Brickbreaker makes my post drinking poops that much better. Sorry, I had to tell someone who might agree.
just woke up to overhearing her on the phone saying "yeah we fucked last night, that makes 42." should i get tested?
well i fucked her too, so yes.
so im gonna ask for shark week off tomorrow at work and i advise you do the same
For future reference, Twizzlers CAN leave welts.
This weekend has taught me that sometimes, being buried under a mattress is the safest place in the room.
So, this year for my birthday, want to get rip-roaring schmammered and watch my episode of my super sweet 16? We can do lines off my tiara.
U can be a future sentaor's wife if you want. I'm happy with "closet lesbian", "tech prof".and "masters degree" all rolled into one. Drunken bar escapades pay off.
multitasking: i'm now sitting up and smoking my joint.
Rebecca hasn't has this number in 3 months. Please tell all her friends to stop calling at 3 am. We are not interested in buying or selling drugs nor do we want to hook up with anyone.

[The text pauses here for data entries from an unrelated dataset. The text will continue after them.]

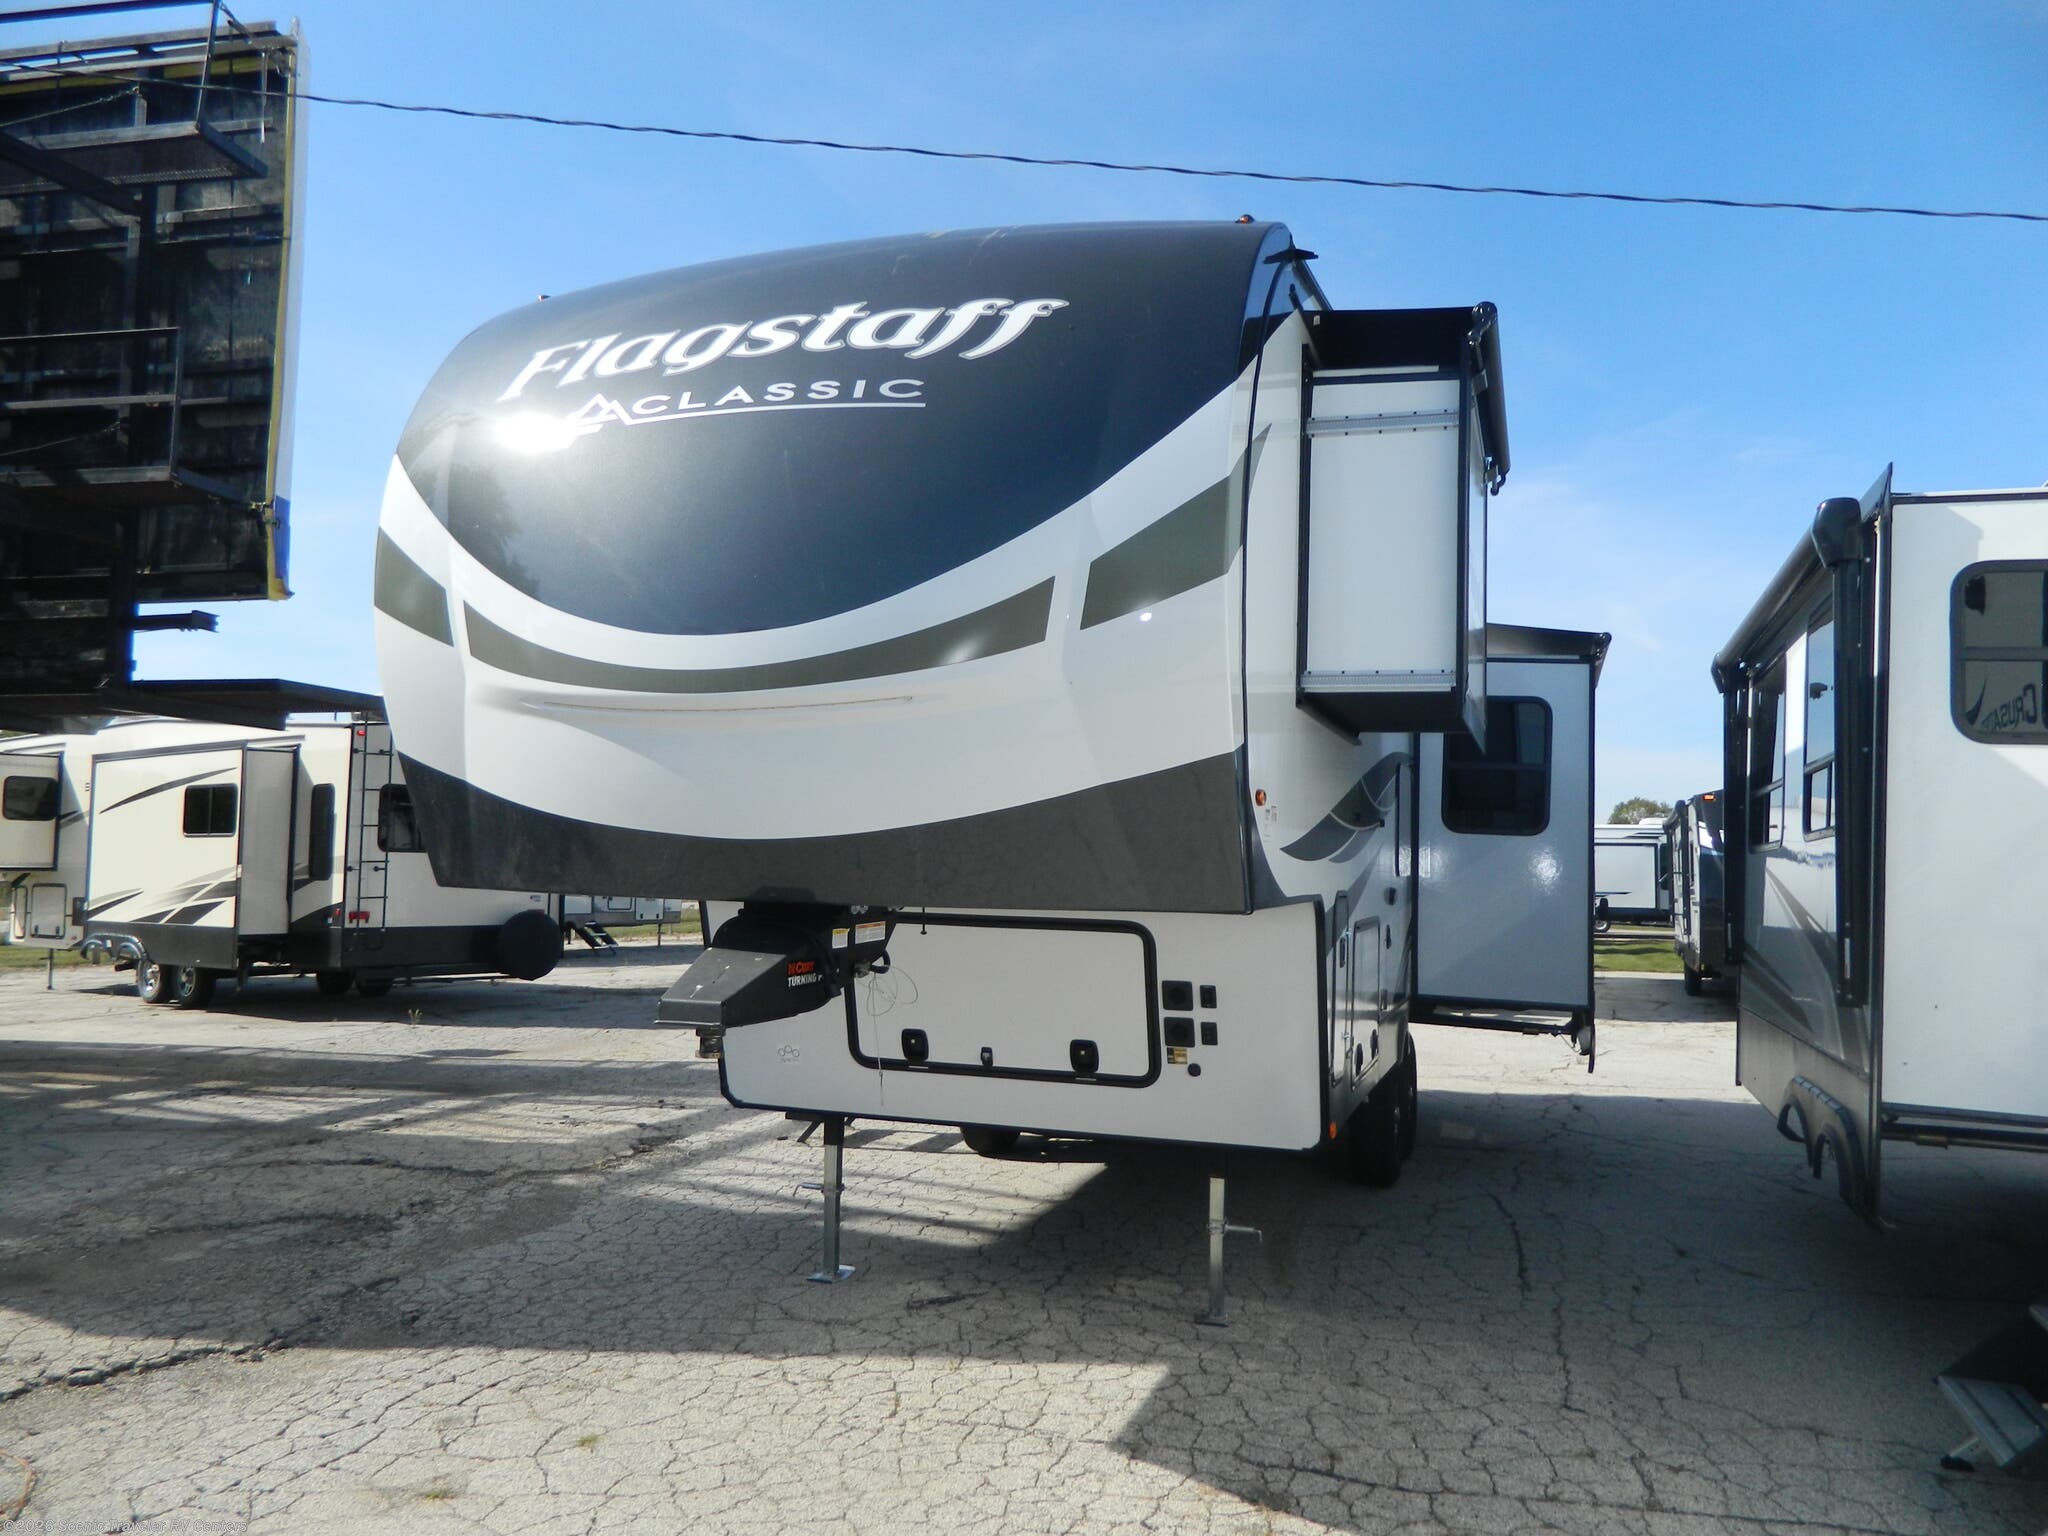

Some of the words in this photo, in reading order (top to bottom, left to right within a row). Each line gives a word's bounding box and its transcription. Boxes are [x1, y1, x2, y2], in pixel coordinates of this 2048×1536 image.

[497, 298, 1070, 403] Flagstaff
[631, 378, 926, 415] CLASSIC
[787, 972, 817, 988] TURNING
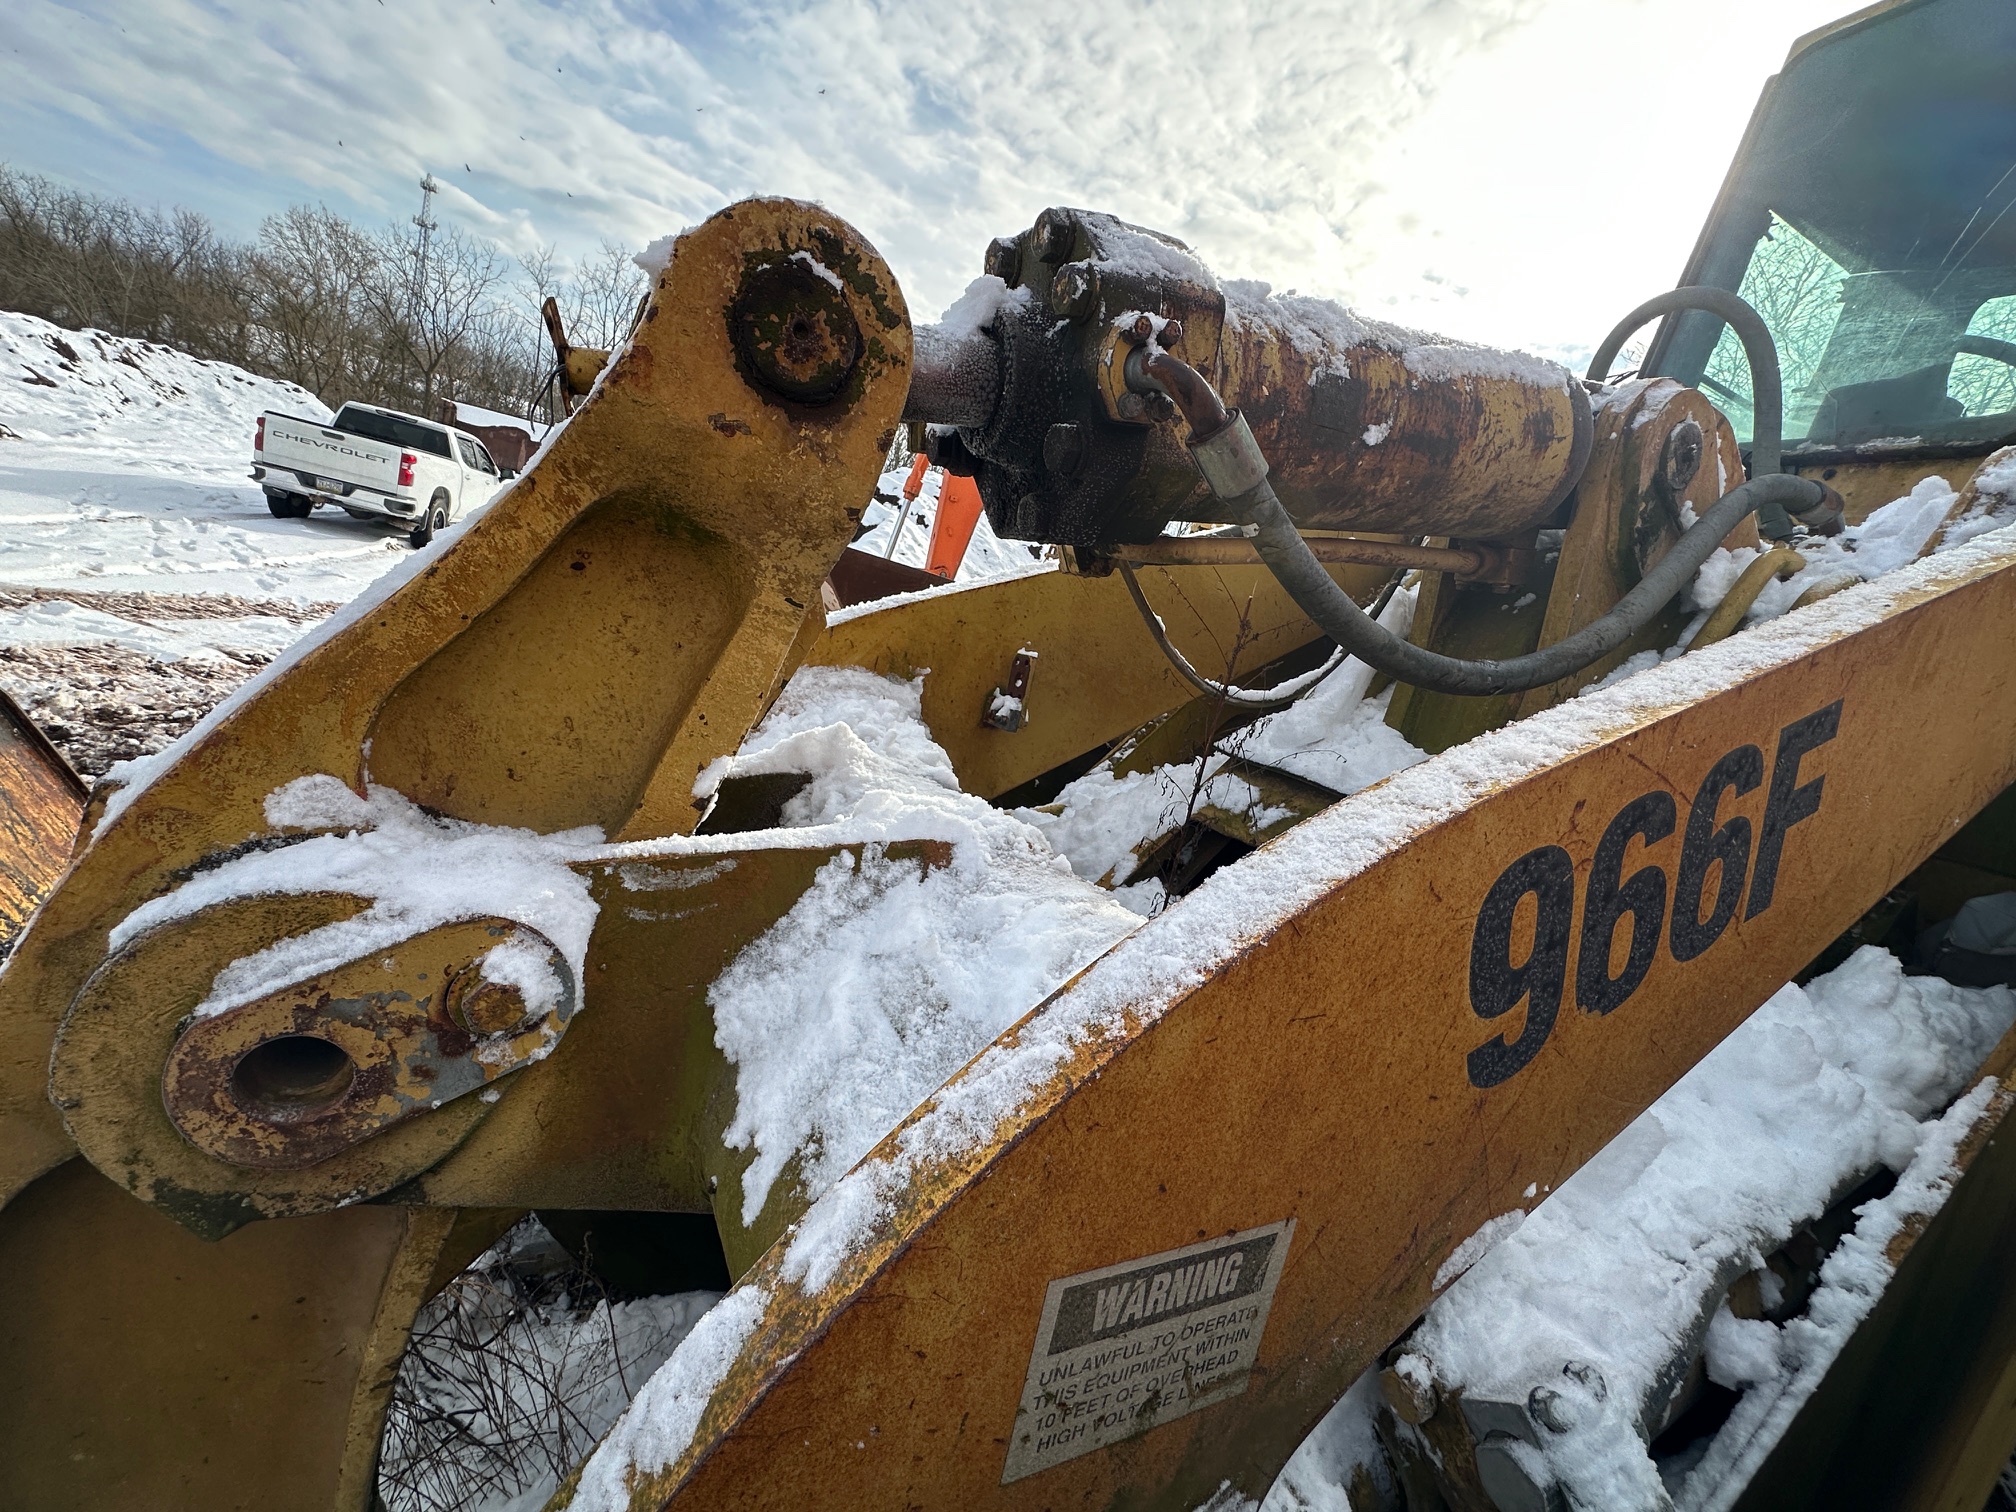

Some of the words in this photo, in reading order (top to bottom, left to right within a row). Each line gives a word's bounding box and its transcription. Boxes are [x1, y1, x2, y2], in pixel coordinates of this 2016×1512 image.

[272, 430, 390, 464] CHEVROLET
[1466, 697, 1845, 1090] 966F
[1092, 1252, 1244, 1332] WARNING
[1034, 1384, 1078, 1411] THIS
[1083, 1346, 1192, 1395] EQUIPMENT
[1196, 1328, 1251, 1356] WITHIN
[1040, 1341, 1146, 1387] UNLAWFUL
[1153, 1331, 1176, 1351] TO
[1036, 1412, 1056, 1432] 10
[1061, 1393, 1112, 1423] FEET
[1116, 1382, 1143, 1402] OF
[1036, 1422, 1086, 1453] HIGH
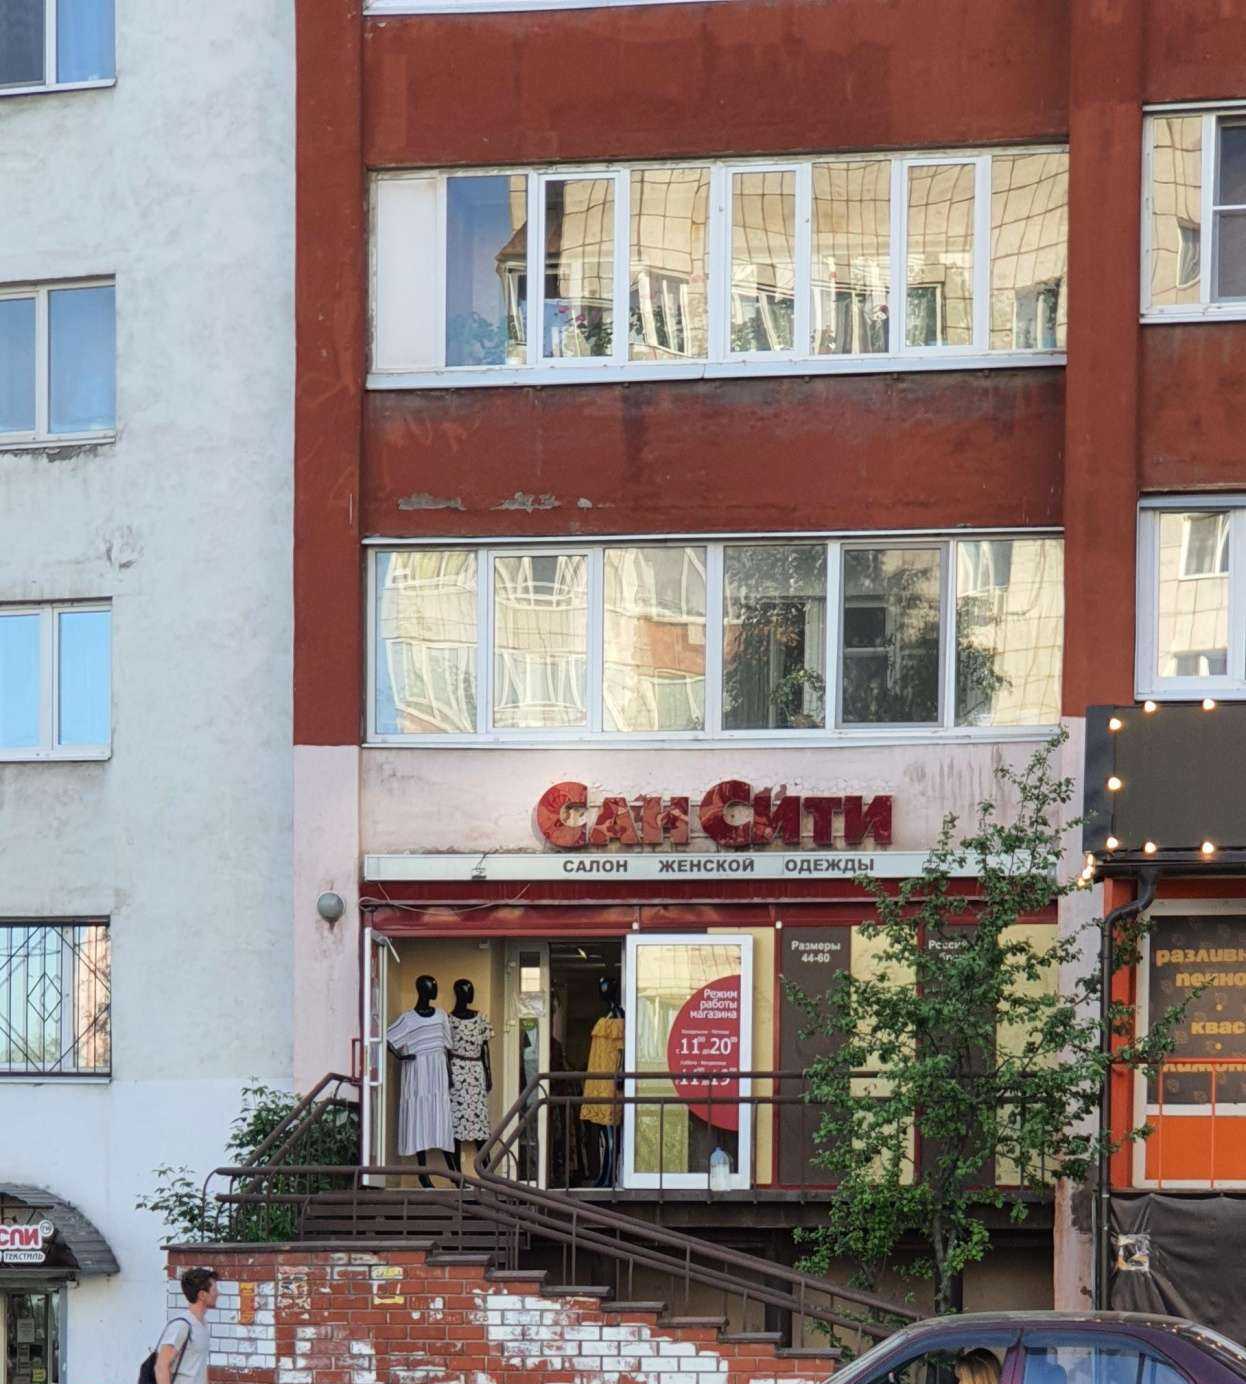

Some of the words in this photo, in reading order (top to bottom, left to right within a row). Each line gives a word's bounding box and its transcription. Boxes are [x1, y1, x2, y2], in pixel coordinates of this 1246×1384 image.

[562, 859, 629, 873] САЛОН
[658, 857, 755, 873] ЖЕНСКОЙ
[784, 858, 875, 873] ОДЕЖДЫ
[791, 940, 841, 952] Размеры
[801, 952, 830, 963] 44-60
[704, 989, 737, 999] Режим
[700, 998, 738, 1010] работы
[690, 1010, 738, 1019] магазина
[1191, 1021, 1245, 1034] квас

You all need to go to rehab.
you bleached my bangs. i have an interview later today and you assholes bleached my bangs.
She turned off her phone alarm (which was the theme song to Star Wars) and then asked me if I wanted a blow job before she went...of course I am going to see her again.
you know you’re single when you try to cook yourself a nice pasta dinner but you’re too weak to open the container of sauce and theres no one around to help you
i got my period today. mid walk of shame and im wearing a shirt that says stay classy. my life is a joke.
Mom got drunk as hell, crashed Dad's wedding and some how left with the best man. This is why you should be glad you aren't my sibling.
I need advice on ways to politely say “fuck you on your way to hell”.